Comme l'a rappelé la radio allemande 'Deutschlandfunk', le journaliste José Angel Odena, qui a été témoin de la scène, a indiqué que des personnes sont mortes même dans la mer à cause de la chaleur extrême, et que les mains d'une victime ont été gravées dans la roche.
Sous le choc, les personnes blessées qui ont survécu ont déambulé sur place, comme des zombies. Selon un témoin, la scène avait des allures de film d'horreur.
215 personnes sont mortes pendant ou des suites de l'accident. 400 autres ont été blessées en tout, dont 64 gravement. Selon 'Stern', des riverains ont donné les premiers secours sur place, en apportant des pansements et en emmenant eux-mêmes les blessés à l'hôpital.

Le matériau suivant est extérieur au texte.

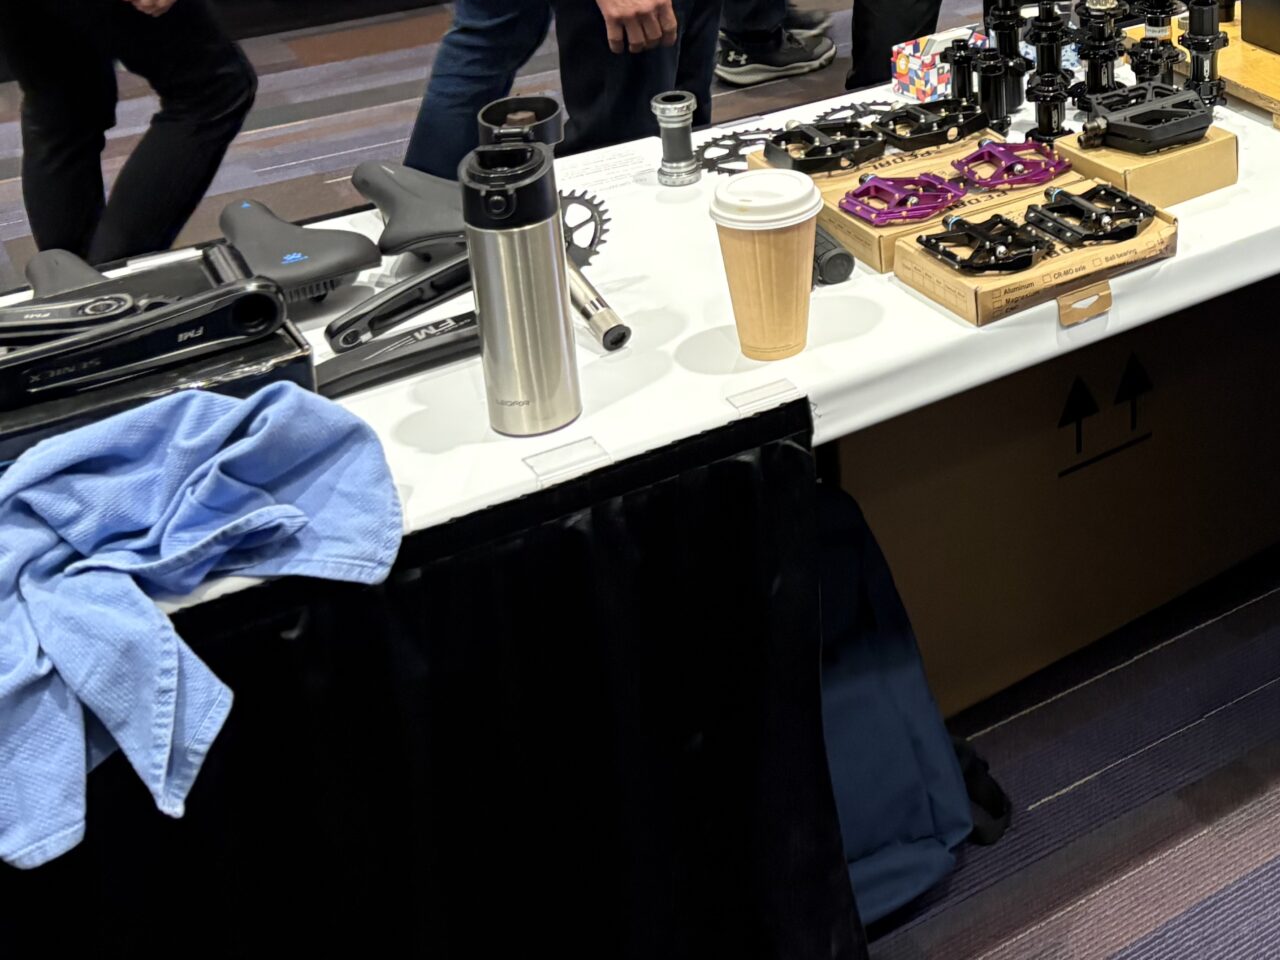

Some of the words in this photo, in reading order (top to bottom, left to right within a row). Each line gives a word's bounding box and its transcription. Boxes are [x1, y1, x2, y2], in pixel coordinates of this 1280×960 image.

Comme les hôpitaux locaux ont rapidement été surchargés, d'autres pays ont envoyé des médecins et des médicaments dans la région de Tarragone. L'aide de l'Allemagne a été apportée par la Croix-Rouge, l'armée et l'aviation de ce pays, et par le club automobile ADAC : en effet, de nombreux Allemands se trouvaient parmi les victimes.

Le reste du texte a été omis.